Vir Campestris <vir.campestris@invalid.invalid> writes:

On 16/08/2024 18:35, Bonita Montero wrote:
>

But basically I don't think it is a good idea to skip numbers
exept multiples of two. [...]

>
I've been running some experiments.
>
Skipping evens only is nice and simple on computation;  that's
good.
>
Skipping something else requires table lookups.  [...]

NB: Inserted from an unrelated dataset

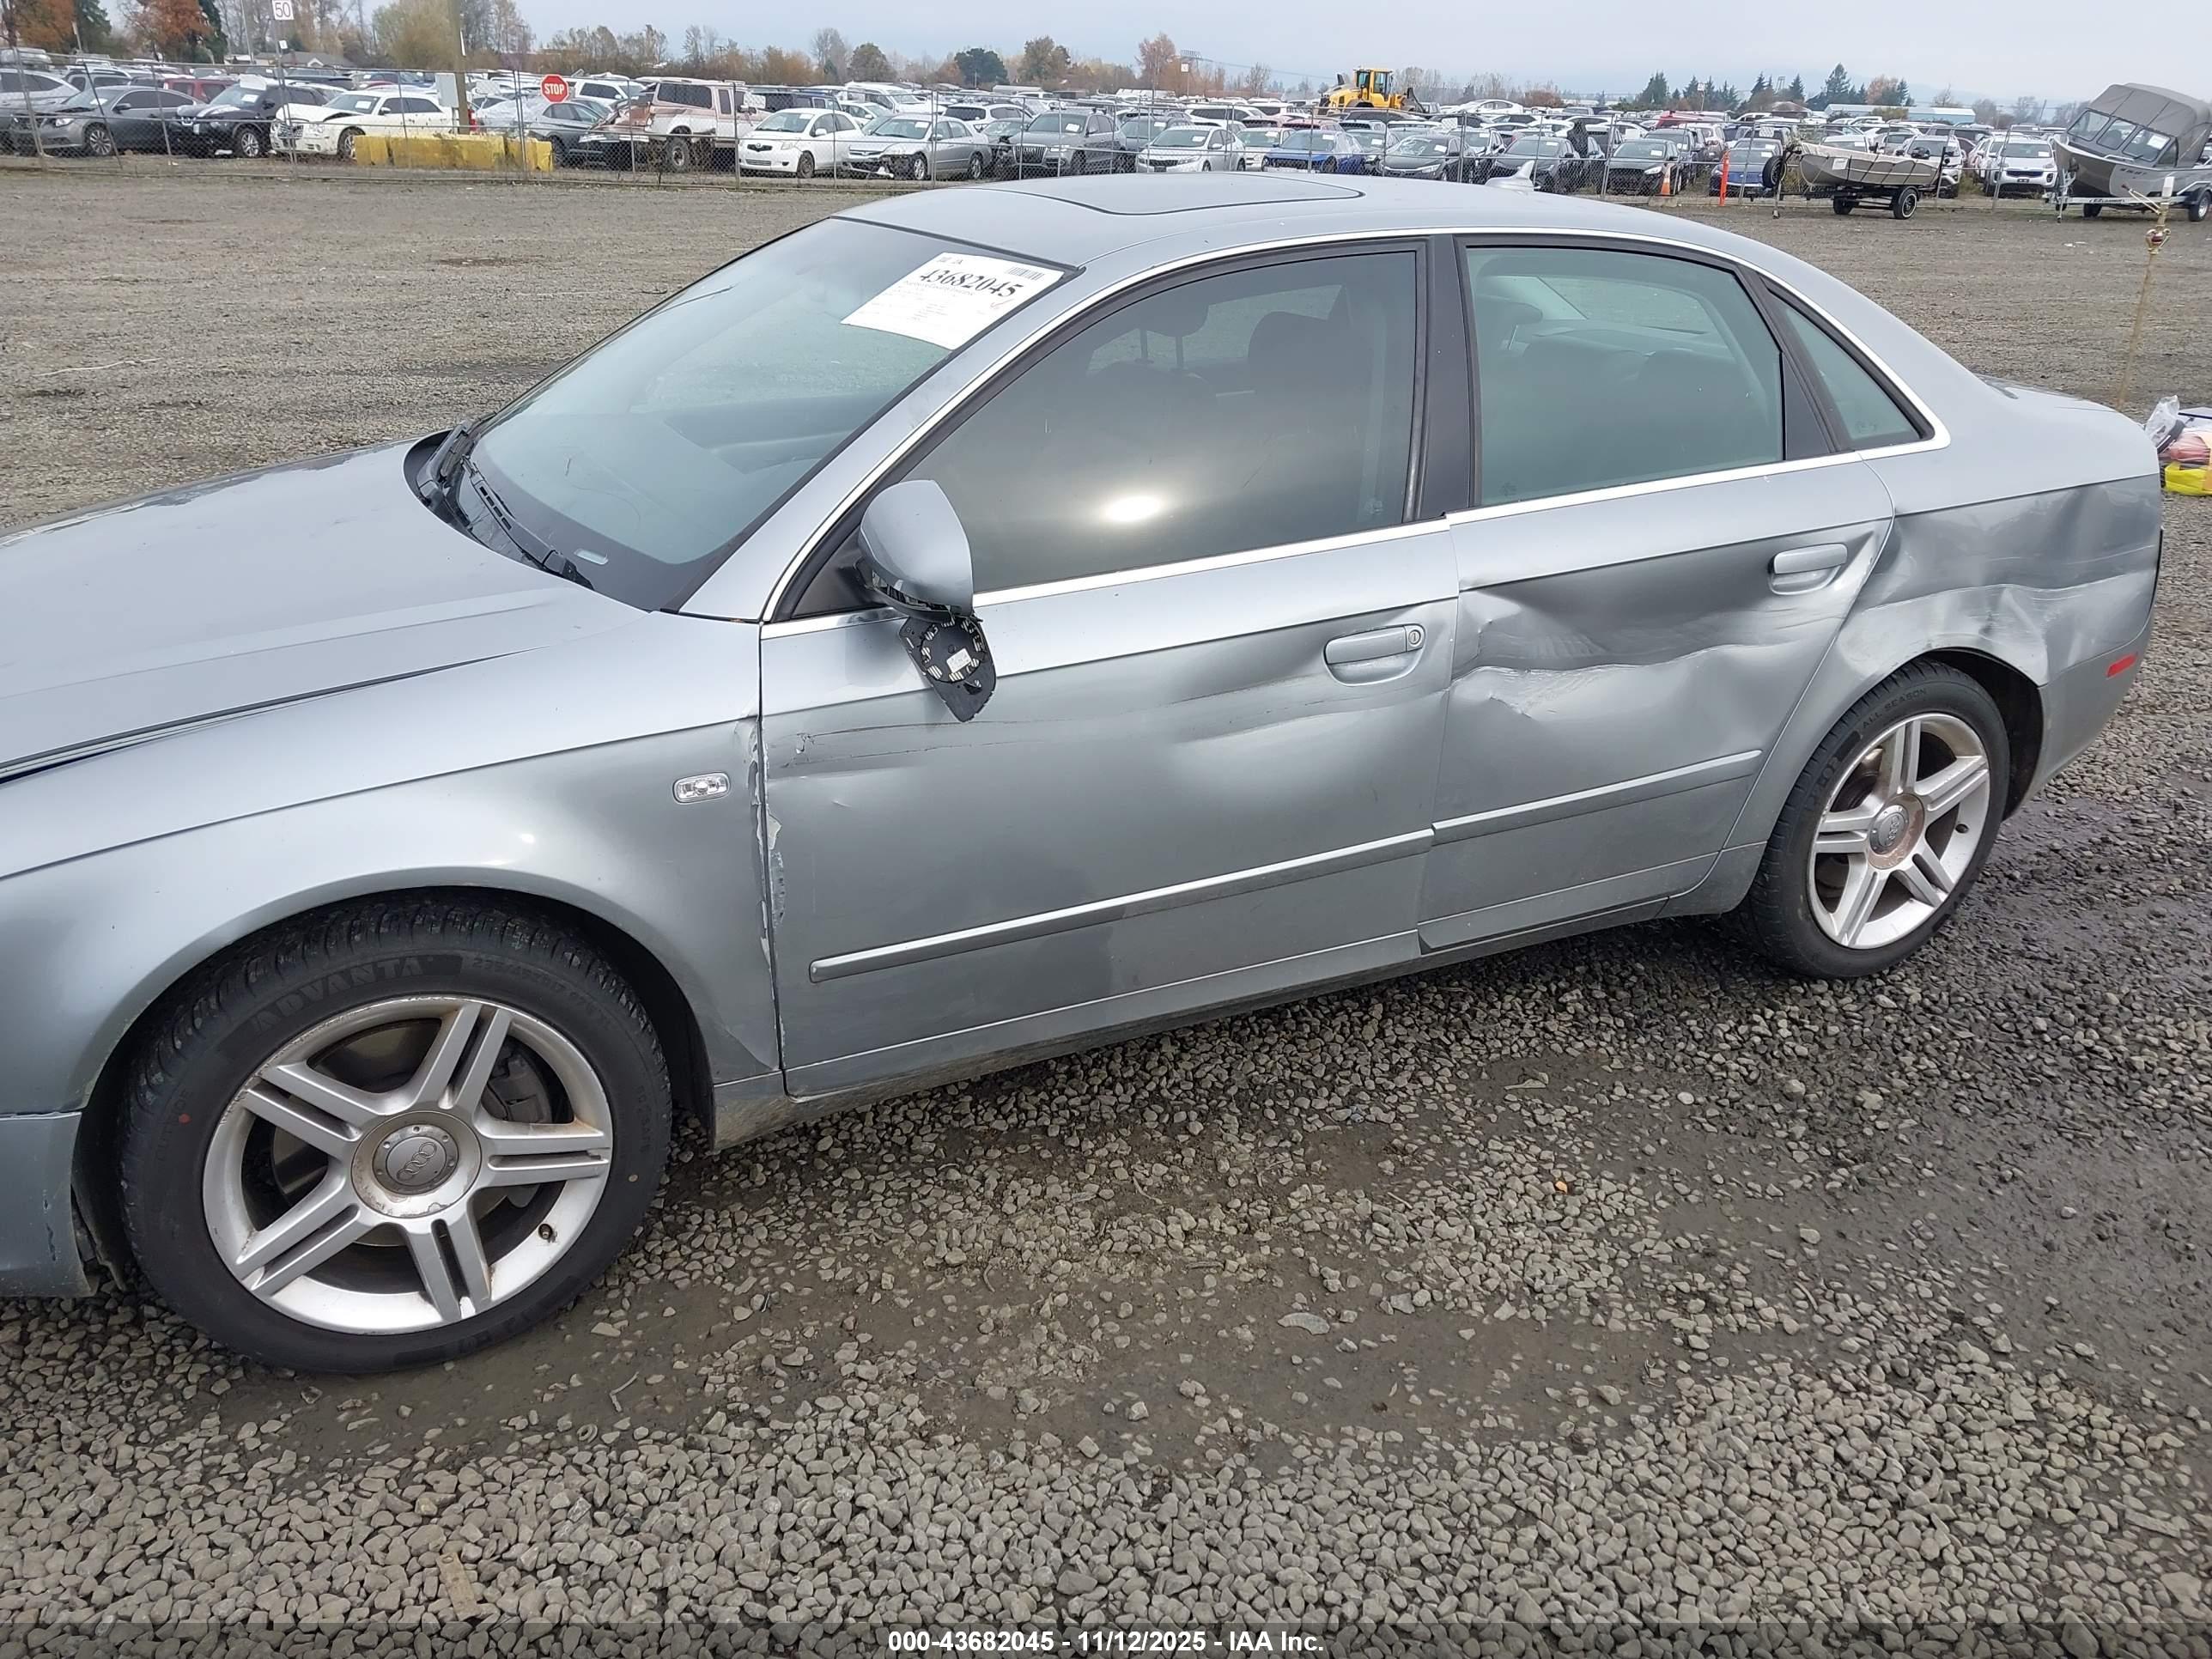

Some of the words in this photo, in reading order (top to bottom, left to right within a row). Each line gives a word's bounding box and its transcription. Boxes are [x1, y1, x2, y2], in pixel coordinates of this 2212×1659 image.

It doesn't have to.  One point of the code I've been posting is
that table lookups, including mask productions, are eliminated;
everything gets optimized away so what's left is all compile-time
constants.

I'm happy with my algorithm:
- Work out a bitmask for some small primes, only as far as is
needed to get repeats (the repeat length is the product of the
primes)
- Work out bitmasks for the next half a dozen.  Each of those will
have a repeat the length of the prime.
- Combine those together into the output bitmap.  That requires
fewer operations than doing each one into the output bitmap
- Process the larger primes.  Do the output bitmap in blocks for
cache friendliness

My experience:

* Special casing primes between 7 and 29 helps (and because it's
  the first step the results can initialize the map);

* Special purpose code where primes are taken in pairs, for the
  set of primes more than 29 and less than 360, with each pair
  being folded into the initialized map, helps (incidentally,
  that is 31 pairs, or 62 primes total);

* The combination of those two steps gives a saving of about 35%;

* Doing striping (the term I use for working in cache-sized
  blocks) seems not to help much, so I don't use striping except
  incidentally in the prime-pairs step;

* Forcing the function for the main second-level loop to be
  inlined saves another 15% or so;

* I haven't tried to measure how the speed-up tricks scale with
  overall number of primes to calculate.  My guess is that they
  are close to linear but I don't have any actual measurements.